§ Work request
Only the lines from the one containing "this 1280×1440 image." to the end of the material belong in your answer. Please copy them word for word.
[Dataset excerpts]
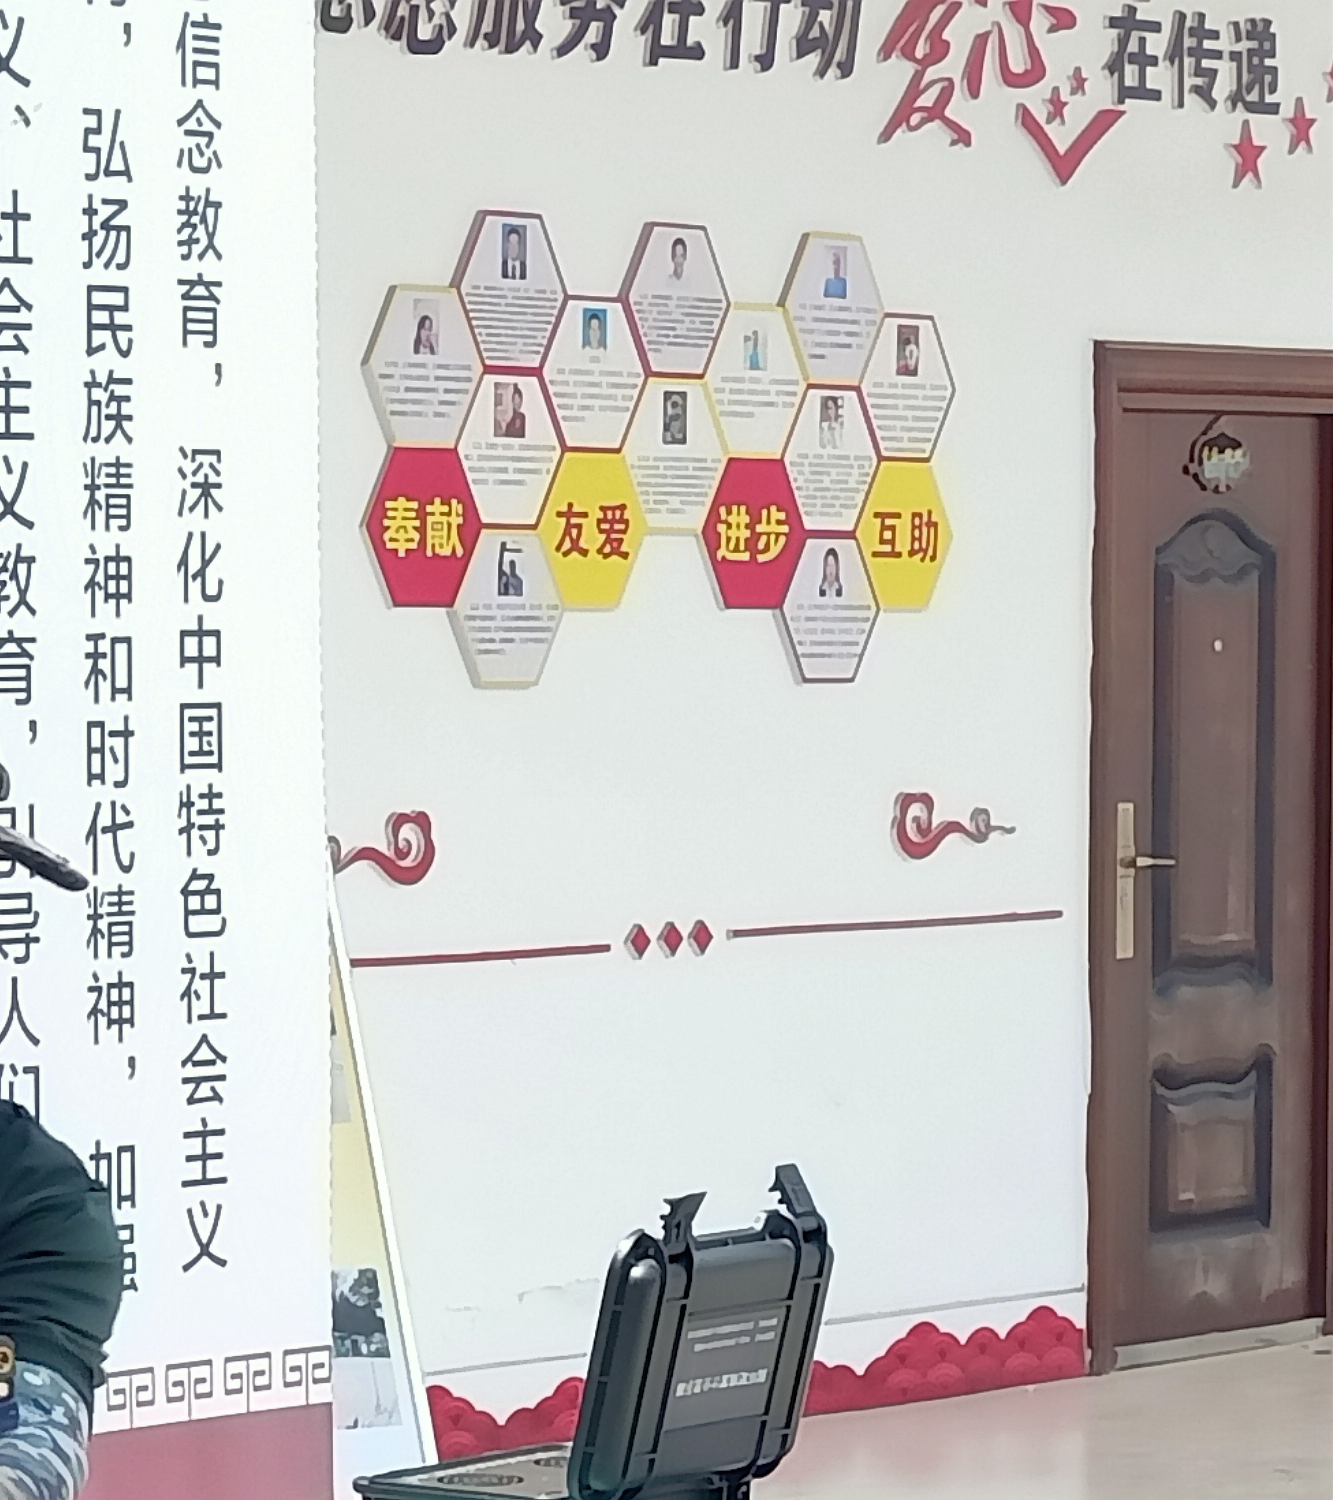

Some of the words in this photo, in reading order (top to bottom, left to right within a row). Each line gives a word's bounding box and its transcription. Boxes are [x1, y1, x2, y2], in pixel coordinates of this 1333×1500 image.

[1101, 4, 1280, 115] 在传递
[382, 496, 466, 559] 奉献
[555, 502, 632, 562] 友爱
[715, 504, 791, 563] 进步
[871, 508, 940, 563] 互助
[81, 0, 139, 1293] ，弘扬民族精神和时代精神，加
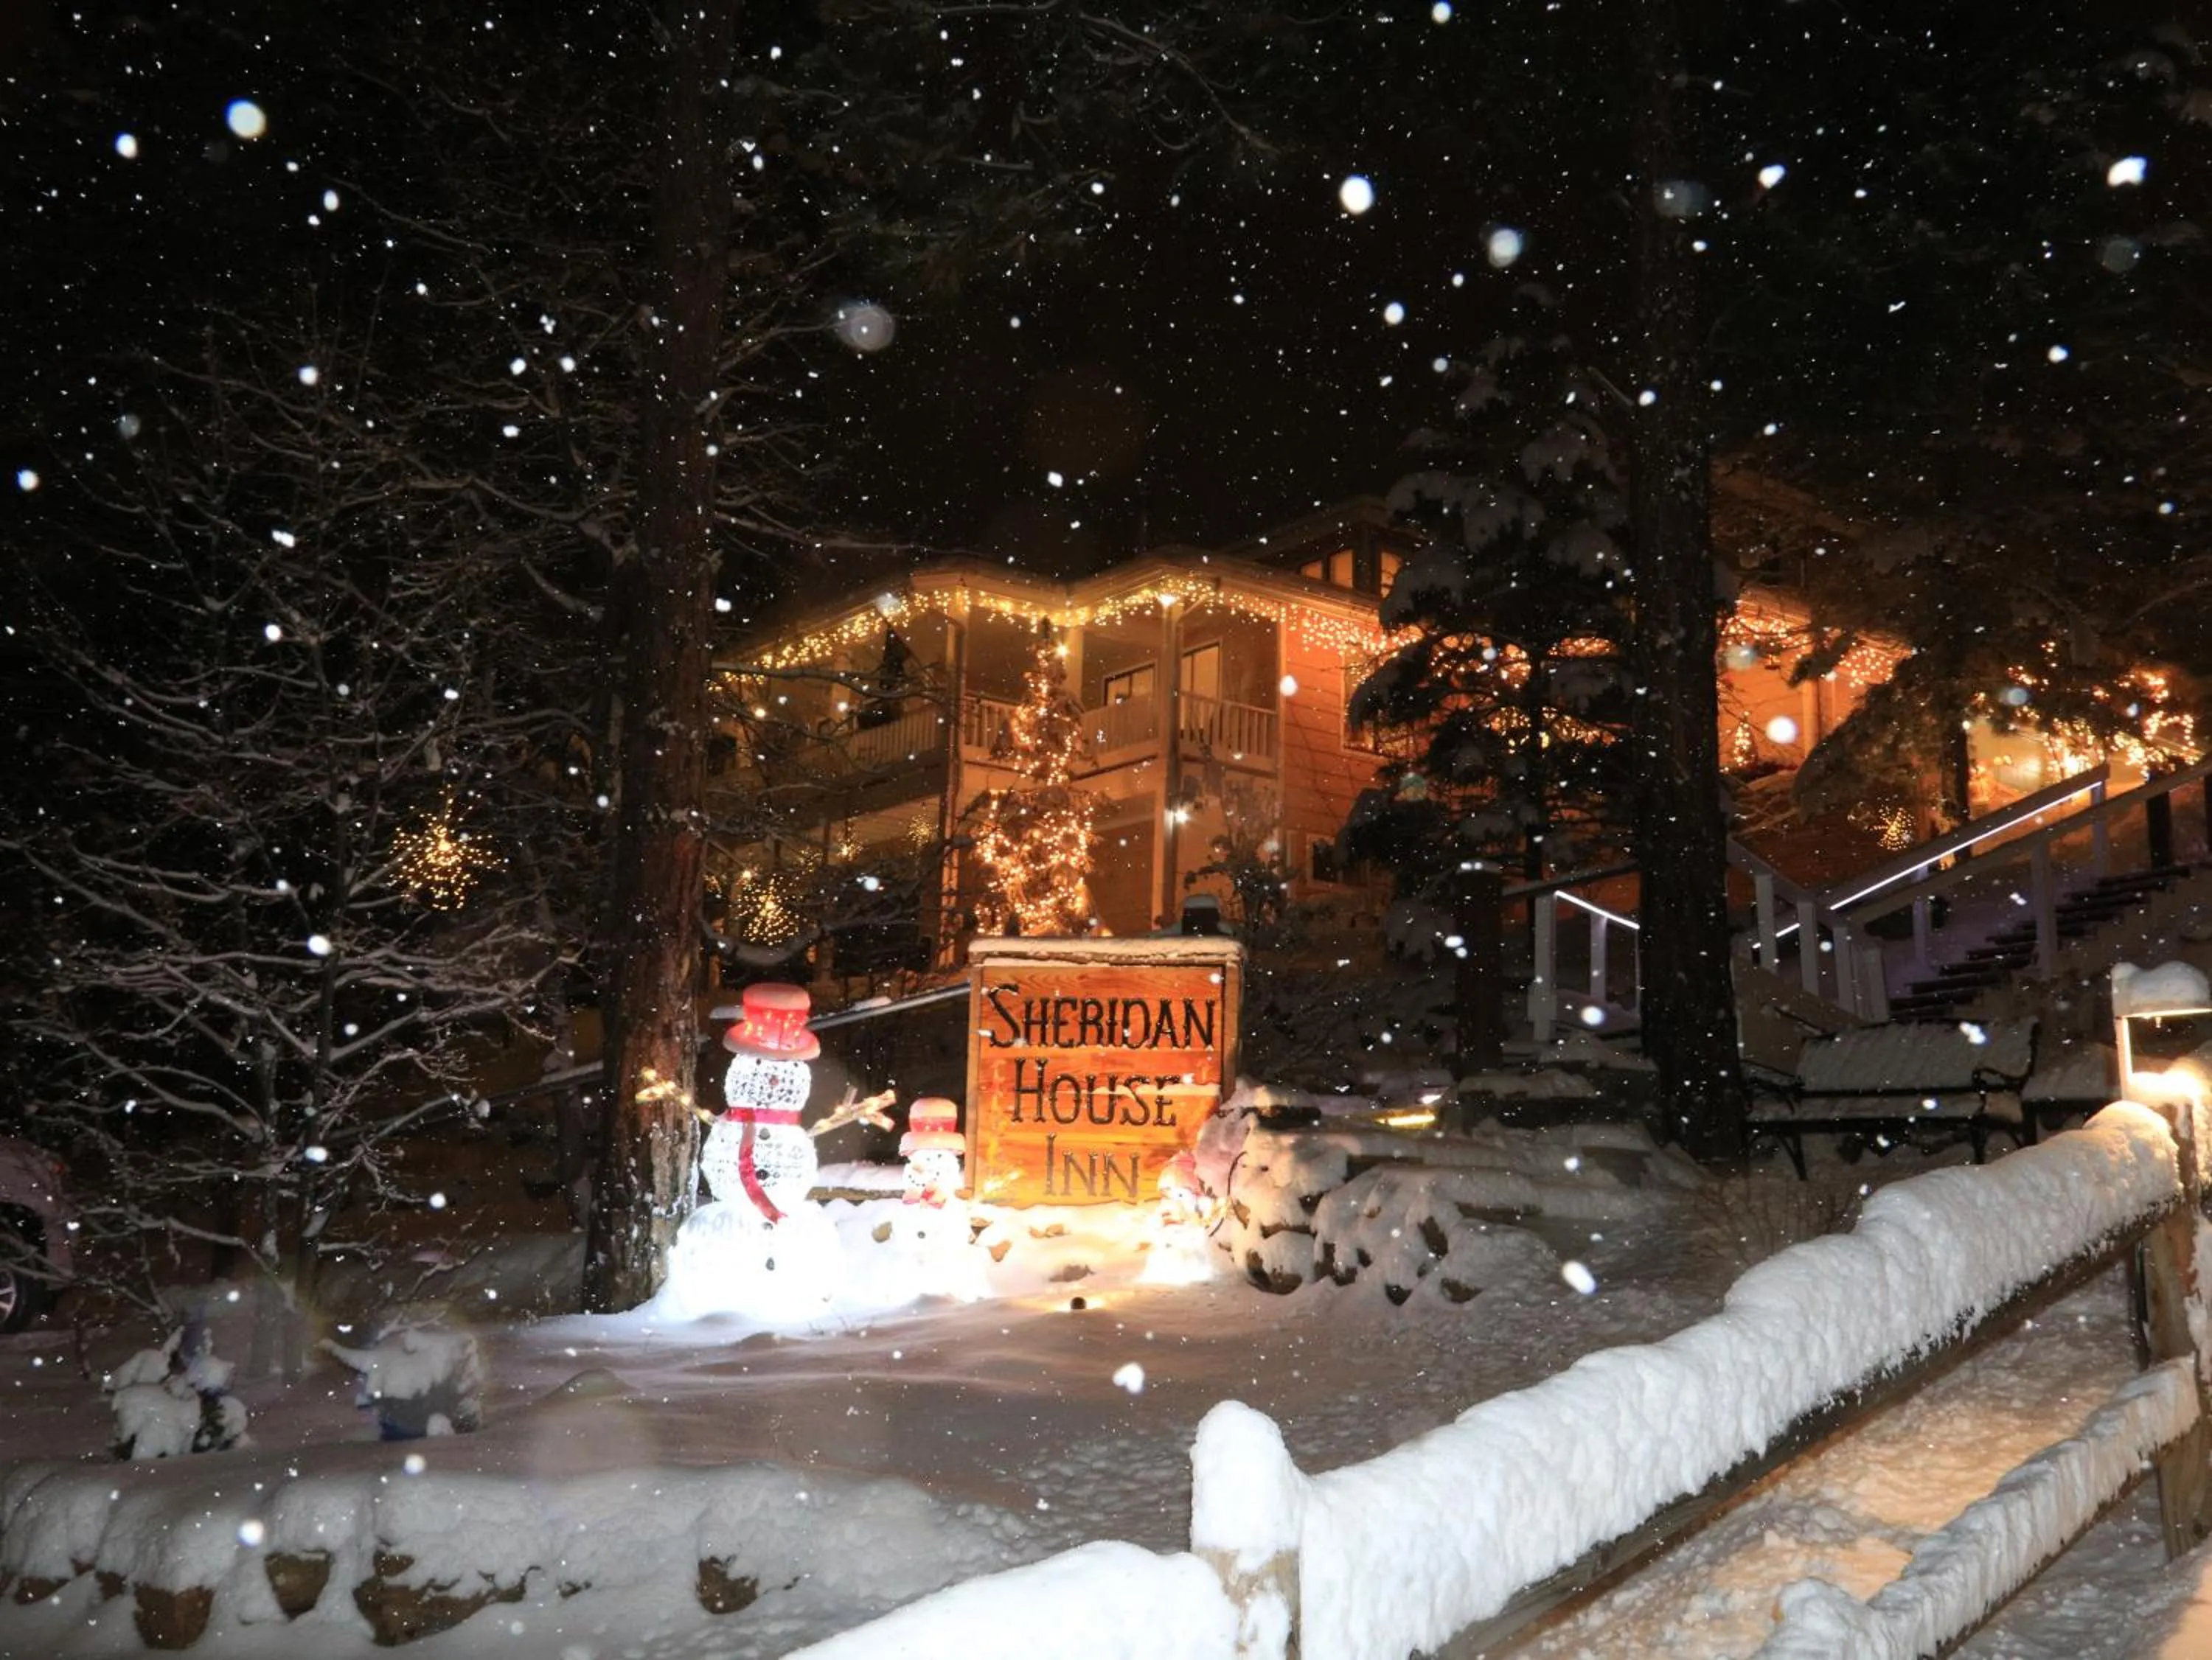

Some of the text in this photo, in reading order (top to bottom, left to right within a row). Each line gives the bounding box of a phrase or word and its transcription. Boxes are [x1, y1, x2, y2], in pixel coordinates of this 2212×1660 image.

[987, 983, 1216, 1051] SHERIDAN
[1011, 1056, 1181, 1127] HOUSE
[1043, 1132, 1141, 1198] INN
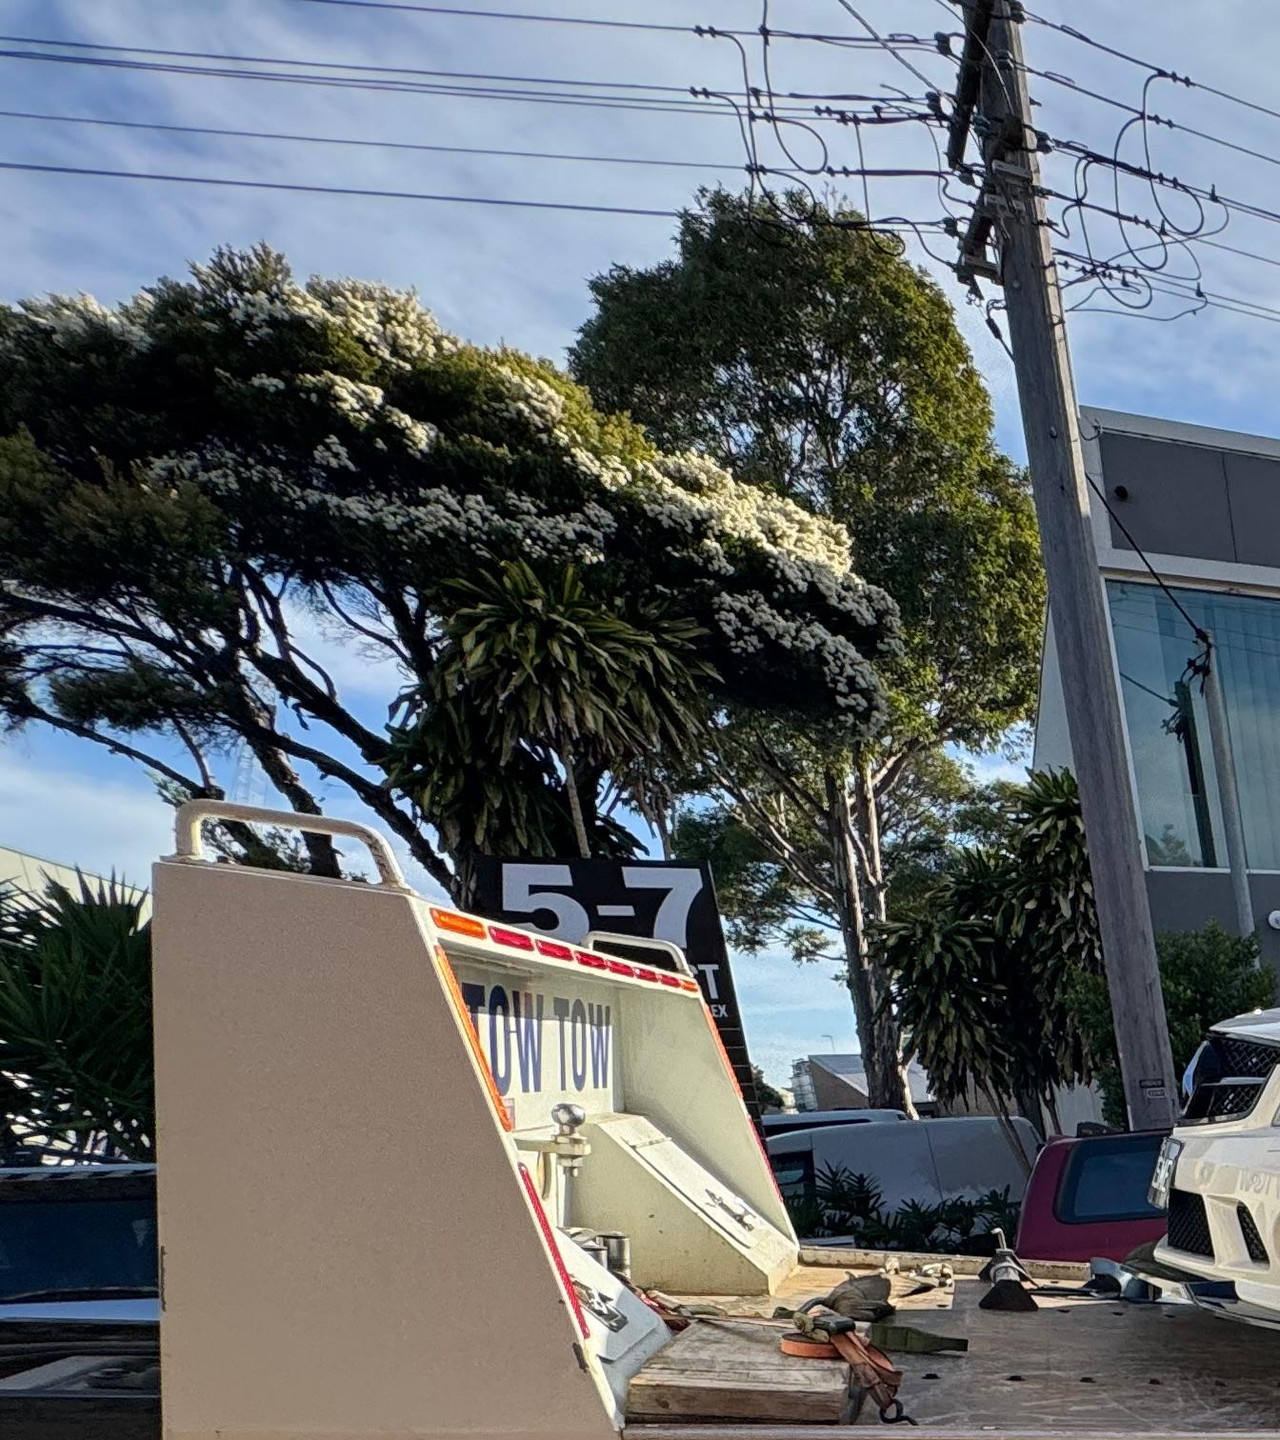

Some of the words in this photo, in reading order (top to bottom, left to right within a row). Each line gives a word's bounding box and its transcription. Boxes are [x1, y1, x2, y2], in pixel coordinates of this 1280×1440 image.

[501, 863, 703, 949] 5-7
[462, 983, 544, 1097] TOW
[553, 996, 611, 1092] TOW
[/Dataset excerpts]
§ Answer box
Some of the words in this photo, in reading order (top to bottom, left to right within a row). Each line gives a word's bounding box and its transcription. Boxes are [x1, y1, x2, y2], in pixel coordinates of this 1280×1440 image.

[501, 863, 703, 949] 5-7
[462, 983, 544, 1097] TOW
[553, 996, 611, 1092] TOW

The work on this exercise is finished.